Summary 

The posting of these Srebrenica Autopsy Reports prepared by ICTY forensic teams which between 1996 and 2001 conducted exhumations throughout the Srebrenica area wherever the existence of execution victims’ mass graves was suspected is an event of extraordinary importance to scholars and researchers. This is the only physical evidence of the crime alleged to have taken place during the week after Srebrenica fell to Serbian forces on July 11, 1995: the mass execution in various locations of prisoners of war who are said to have numbered about 8,000.  Before ICTY forensic teams completed their task at suspected Srebrenica execution sites and withdrew in 2001 they exhumed 3,568 “cases” all of which, in due course, will be posted here. Unknown to most, almost half of these “cases” were not equivalent to bodies, although implicitly they were presented as such, but may have consisted of just one or a few disarticulated bones. For a detailed breakdown of these ICTY Autopsy Reports, we refer readers to Chapter VI, “Presentation and interpretation of forensic data (Pattern of injury breakdown)” in our recently published monograph “Deconstruction of a virtual genocide: An intelligent person’s guide to Srebrenica” [Den Haag – Belgrade, 2011] which in pdf. version may be downloaded at: https://www.scribd.com/document/49173947/Deconstruction-of-a-Virtual-Genocide The forensic evidence does not support the execution figure of 7,000 to 8,000 which was adopted by various chambers of the Hague Tribunal. The pattern of injury analysis  demonstrates further that in cases where cause of death can be determined a considerable number of fatal outcomes were due to shrapnel, mines, artillery munitions, and other means that exclude execution and suggest that death occurred in the course of regular combat and not as a result of a criminal act. It suggests also that the huge gap between the several hundred exhumed victims whose pattern of injury may be consistent with the theory of execution and the more than ten times greater figure of those who are claimed to have been executed was made out of whole cloth, without any forensic support. The publication of this material finally makes key evidence in the Srebrenica debate available to the general public and facilitates critical analysis by qualified experts of the key point: based on the forensic evidence, how many deaths in the week after July 11, 1995, may be attributed to the war crime of prisoner execution?

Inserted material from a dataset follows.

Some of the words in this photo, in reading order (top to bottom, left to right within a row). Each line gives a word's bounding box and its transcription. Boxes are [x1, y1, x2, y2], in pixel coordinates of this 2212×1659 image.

ICTY AUTOPSY REPORTS AND WHAT THEY TELL US

This is a presentation of the results of the forensic analysis performed by expert teams of the Hague Tribunal [ICTY] between 1995 and 2001 at several locations in the region of Eastern Bosnia after they exhumed and examined human remains from 13 locales which were presumed to contain Srebrenica victims.

Post-mortem examinations were conducted on the remains of victims from the following mass graves: Glogova, Kozluk, Konjević Polje, Hodžići   Road, Nova Kasaba, Pilica, Ravnice, Zeleni Jadar, Lazete, Cerska, Liplje, Dam and Čančari Road. At the very start, it would be useful to state the following. Asked by the defense in the Popović et al. case[1] whether it would be relevant to try to determine how many Moslems perished as a result of combat activity, prosecution military expert Richard Butler replied:

“It would be relevant if the forensic evidence of mass graves were showing evidence that would reflect that the bodies in those graves reflected combat casualties. The forensic evidence, as I understand it, coming out of those mass graves reflects the opposite, that they are not combat casualties.”[2]

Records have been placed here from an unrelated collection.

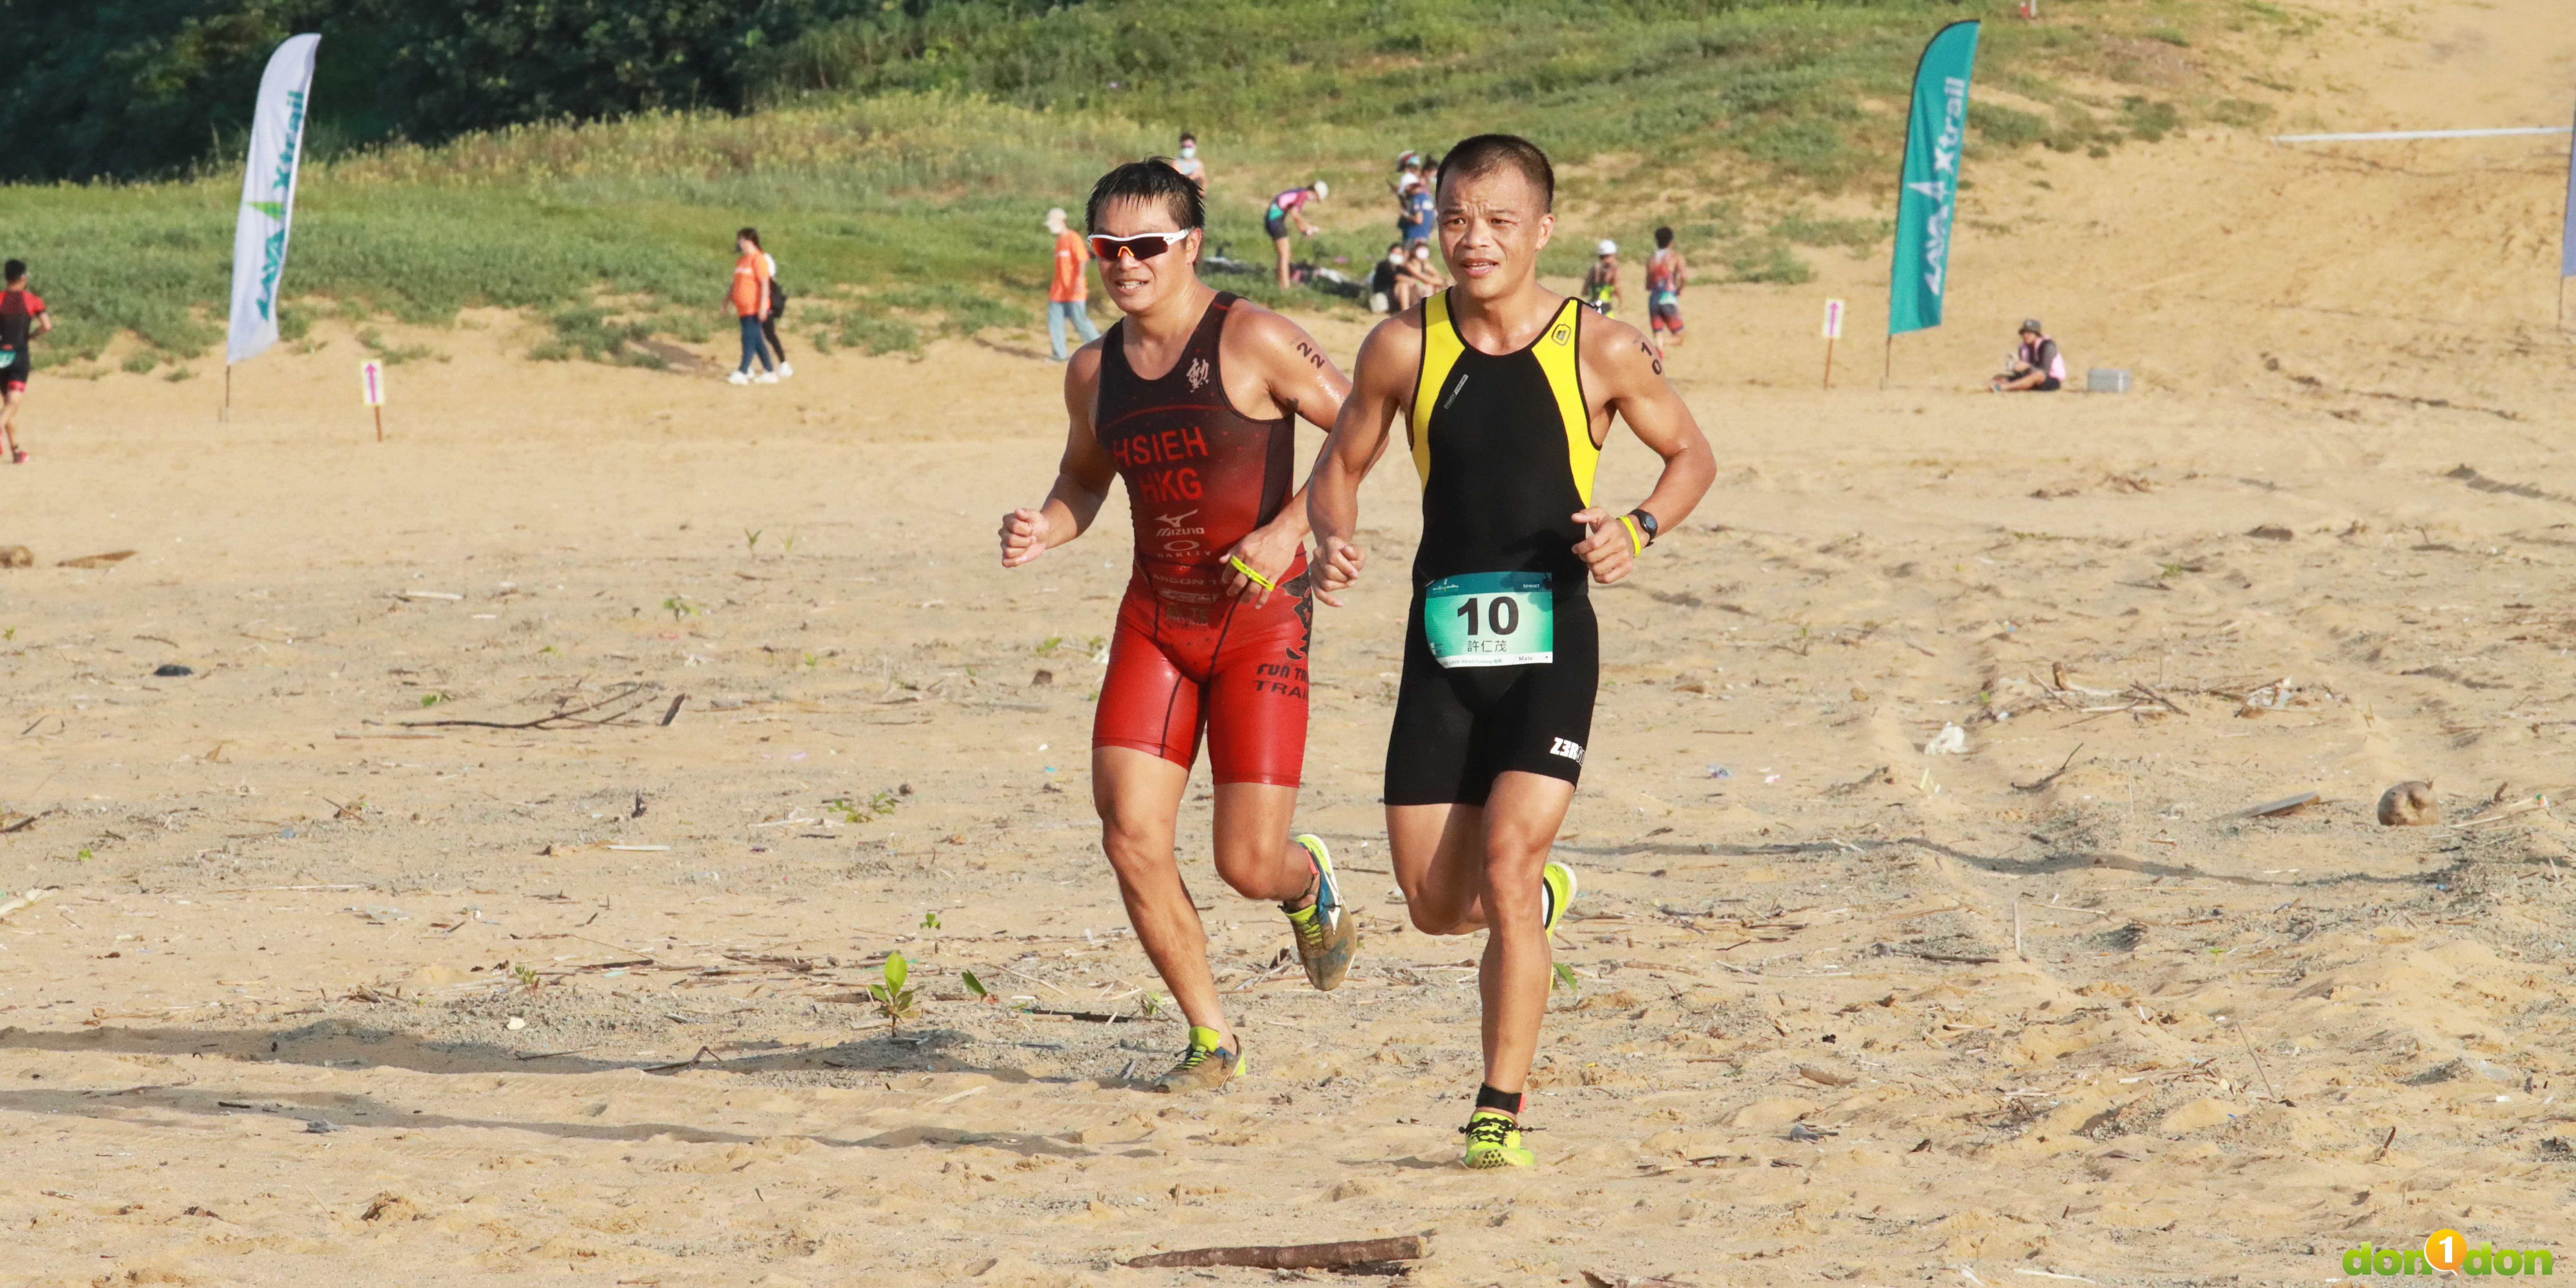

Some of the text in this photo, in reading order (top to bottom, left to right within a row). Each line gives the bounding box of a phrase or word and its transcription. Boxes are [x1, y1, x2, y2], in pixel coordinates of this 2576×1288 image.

[1297, 342, 1325, 369] 22
[1641, 341, 1662, 375] 10
[1113, 426, 1208, 467] HSIEH
[1138, 467, 1203, 503] HKG
[1457, 596, 1519, 636] 10
[1467, 640, 1507, 653] 許仁茂

Nevertheless, a little further on in the cross examination by the defense, Butler admitted that it would be a reasonable assumption that “between 1,000 and 2,000” Moslems could have died as a result of combat activity.[3] A careful analysis of the forensic material that follows that had been prepared by experts of the same Office of the Prosecutor where Butler worked indicates that—contrary to Butler’s claim—a significant number of casualties did indeed originate in combat activity and therefore does not fit into the execution scenario.

Hypothesis

This presentation of the forensic data is based on the following working hypothesis. If the prevalent view, that in Srebrenica about 8,000 captives were summarily shot, were correct then we should expect to find all or the overwhelming majority of the human remains in the various Srebrenica-related mass graves to exhibit a pattern of injury consistent with execution, at least whenever such a pattern is discernible. That hypothesis can now be tested against the available data which consist of autopsy reports created by the forensic specialists of the Office of the Prosecutor of the International Criminal Tribunal for the Former Yugoslavia. If that hypothesis were correct we should reasonably expect to find a pattern of injury which is generally uniform and broadly consistent with the theory of execution.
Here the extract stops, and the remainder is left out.